My How To Herb Book explains that it basically coats, relaxes and heals all inflamed tissues, inside or out. It is very gentle and safe and therefor an excellent herb for babies with diarrhea or digestive problems. It normalizes stools and soothes, coats and heals the entire intestinal tract lining. It's great for ulcers and hiatal hernias. It's also a good thyroid support.
2 case studies were sited. The first was where hemorrhoid pain and bleeding was stopped within minutes by using a small retention enema. That's where you only use about 1 cup of warm mixture and it is entirely absorbed in the colon.
The second was used with baby lambs.
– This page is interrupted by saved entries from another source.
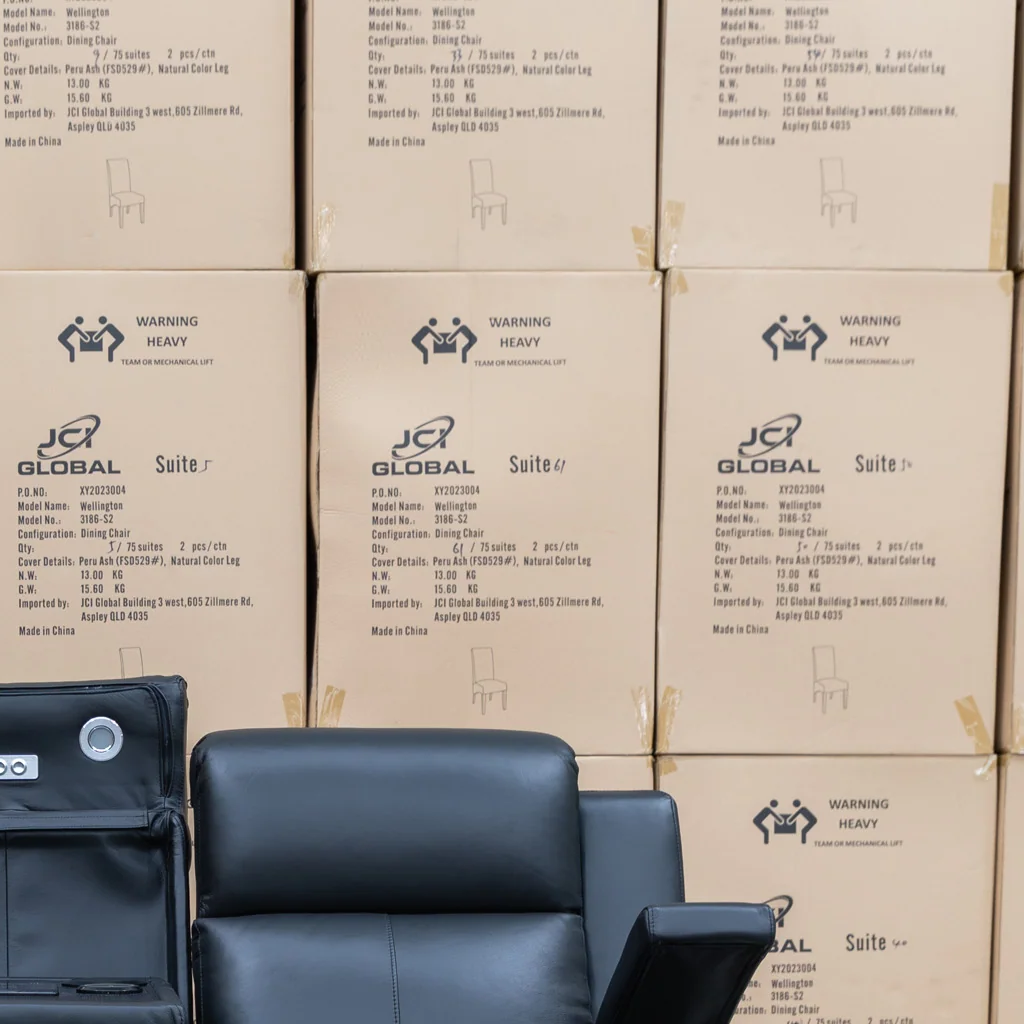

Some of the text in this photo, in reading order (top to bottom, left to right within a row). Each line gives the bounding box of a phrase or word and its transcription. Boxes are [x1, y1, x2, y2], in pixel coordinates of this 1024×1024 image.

[3, 8, 27, 18] Model
[66, 8, 110, 19] Wellington
[368, 136, 425, 147] Made in China
[136, 316, 198, 327] WARNING
[489, 317, 551, 328] WARNING
[840, 316, 901, 326] WARNING
[147, 336, 187, 347] HEAVY
[500, 337, 540, 348] HEAVY
[850, 336, 889, 346] HEAVY
[18, 460, 121, 475] GLOBAL
[156, 455, 197, 473] Suite
[372, 460, 475, 476] GLOBAL
[509, 455, 550, 473] Suite
[717, 459, 820, 474] GLOBAL
[855, 454, 896, 473] Suite
[80, 485, 126, 495] XY2023004
[779, 484, 825, 495] XY2023004
[18, 501, 42, 511] Model
[80, 501, 123, 512] Wellington
[435, 570, 457, 580] 13.00
[466, 570, 476, 580] KG
[434, 584, 457, 594] 15.60
[468, 584, 478, 594] KG
[372, 626, 428, 636] Made in China
[713, 624, 769, 634] Made in China
[829, 799, 889, 809] WARNING
[839, 819, 878, 829] HEAVY
[846, 933, 886, 952] Suite
[771, 963, 816, 973] XY2023004
[771, 979, 813, 990] Wellington
[771, 991, 804, 1001] 3186-S2
[771, 1004, 820, 1016] Dining Chair
When lambs are born, they have a tendency to get diarrhea (scours). Sometimes my baby goats did also. Many times the lambs die. This person fed her lambs slippery elm mixture and the diarrhea was quickly corrected and the lambs were fine.
Nature is full of tasty wonders. When we heal ourselves from the Lord's pharmacy, we are nourished, fed and strengthened at the same time. So I hope you'll consider adding some slippery elm to your storage!